The rest of the Bible recounts how often human beings failed to live up to God’s image. We read how they worshiped success, wealth, or power instead of worshiping God and even how often they failed to love their neighbors through devaluing and exploiting others. The Scriptures also witness to God’s steadfast love and forgiveness. Again and again, God reestablishes God’s relationship with humanity through covenants. Again and again, God shows the way to union—or reunion—with God. This witness is most evident in Jesus Christ, who came that we might be reunited with God.

In the church, we use the word sin for actions and attitudes that separate us from God and God’s will. We use the word grace for God’s generosity, unconditional love toward us, and empowerment to live abundantly. And we use the words reconciliation and salvation for God’s action in Jesus Christ. These concepts are basic to the Christian story. Indeed, the story of the church, including today’s church, is the ongoing story of God’s reconciling work through Jesus Christ.

Paying Attention to Jesus

To know what God is like, we can pay attention to the life, ministry, and death of Jesus. Take a look at the eighth chapter of Mark’s Gospel (the Book of Mark). In many ways, this chapter is a microcosm of Jesus’ ministry. The chapter begins with Jesus feeding 4,000 people. It continues with Jesus healing a blind man. Then Jesus has a conversation with his disciples about what people are saying about him, and Peter professes his faith that Jesus is God’s chosen Messiah. The chapter concludes with Jesus calling the disciples to "deny themselves and take up their cross and follow me" (verse 34).

Feeding, healing, teaching, calling—these are the essential elements of Jesus’ ministry announcing God’s coming kingdom. If we agree that we can know God through Jesus, then these actions provide clues to who God is and what God wants from us. God cares about our physical needs as well as our spiritual needs. We continue the ministry of Jesus, empowered by the Holy Spirit as witnesses of God’s kingdom.

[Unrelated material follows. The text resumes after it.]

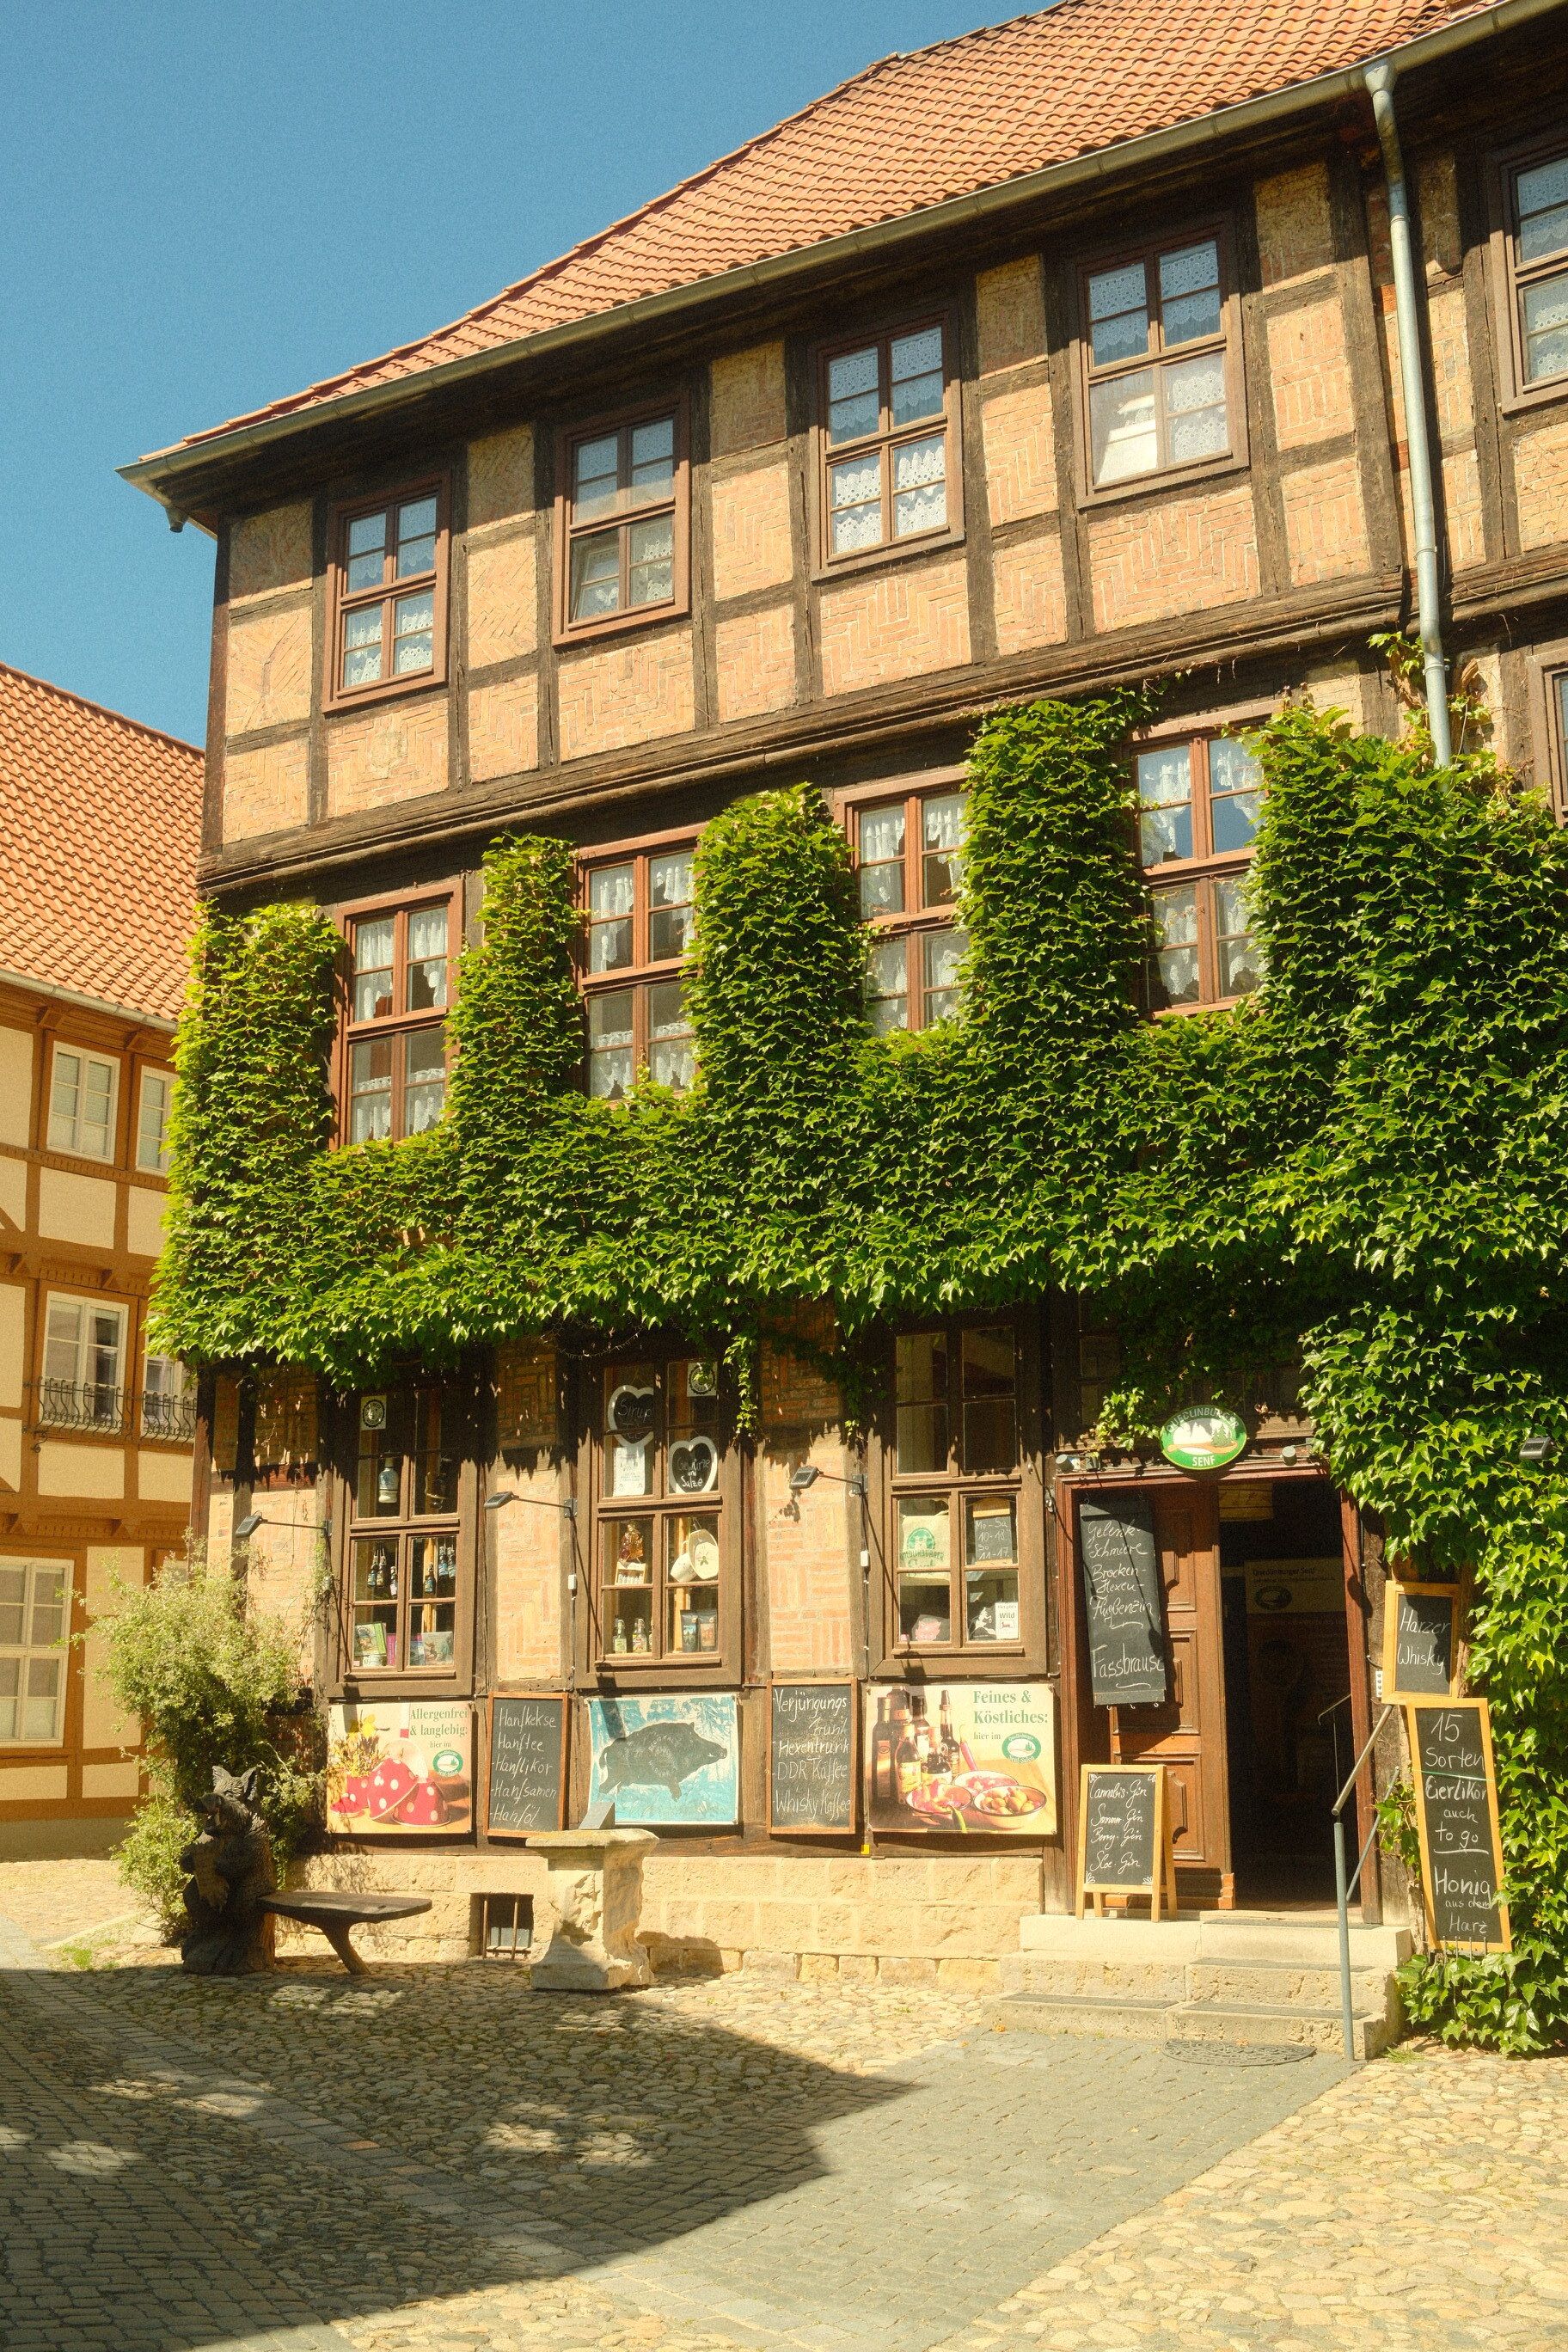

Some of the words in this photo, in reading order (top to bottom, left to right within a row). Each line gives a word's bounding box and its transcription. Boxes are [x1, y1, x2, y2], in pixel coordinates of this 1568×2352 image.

Praising God Through Singing

Think back to the earliest song you remember singing in Sunday school or church. What was the song? What words did it use to describe God? What clues to the Christian life did it hold?

I remember singing a song that went something like, "God is love. Praise God, praise God. All God’s children praise. God is love." The next verses said, "Love God, love God," and "Serve God, serve God." What a wonderful foundation for theology! From the time I was a small child, I was taught that God is a God of love first and foremost. And what, according to the song, should be my response to God’s abundant love? How could it be anything else but praise, love, and joyful service?

Our worship life is rich with hymns and songs that express our faith in God through Christ. Whether we are singing an old hymn, such as "This Is My Father’s World," or a praise song, such as "Lord, I Lift Your Name on High," the words express our understanding of who God is, what God has done for us, and how we respond.

Participating in the Church’s Common Life

Consider a typical Sunday in your congregation. More than likely, there are practices that happen each week. These practices may include

  • lighting candles on the altar;
  • greeting one another and offering the peace of Christ to one another;
  • sharing prayer concerns with the congregation.

Now think about a typical month in your congregation. More than likely, the congregation will observe one or more of the following practices:

  • celebrating Holy Communion;
  • baptizing a child or adult;
  • extending the "hand of fellowship" to a family who desires to take the vows of church membership.

Each of these occasions is marked with familiar words and actions called rituals. From a practical standpoint, rituals help us know what to do because we’ve done them before. From a theological standpoint, rituals express our faith. Lighting candles reminds us that Jesus is the light of the world. When an acolyte carries the light from the altar through the congregation, it is a reminder that we are to be God’s light in the world. Sharing prayer concerns reminds us that we are the body of Christ, and if any member of the body suffers, we all suffer (1 Corinthians 12:26) and that we “rejoice with those who rejoice, [and] weep with those who weep” (Romans 12:15). Gathering around the Lord’s Table for Holy Communion reminds us what God has done for us through Jesus Christ. We also confess our sin, receive words of affirmation and pardon, and trust that Christ is present with us through the sacrament.

Inevitably, the practices of the congregations you have participated in have shaped what you believe about God. Since most of the practices are not explained during a worship service, the purpose of these practices likely goes unrecognized. As a teacher, part of your responsibility is to help those you lead to bring the significance of these practices to a conscious level and to offer times for people reflect on these practices as ways we express our faith.

Understanding Our Context

Each of us is born into a particular family, community, nation, and culture. These units of society include values, customs, language, priorities, standards, and expectations. As we grow up, we discover what is appropriate and what is inappropriate in our family, congregation, community, and culture. We learn the "rules" for success, as well as the boundaries that we should not ignore.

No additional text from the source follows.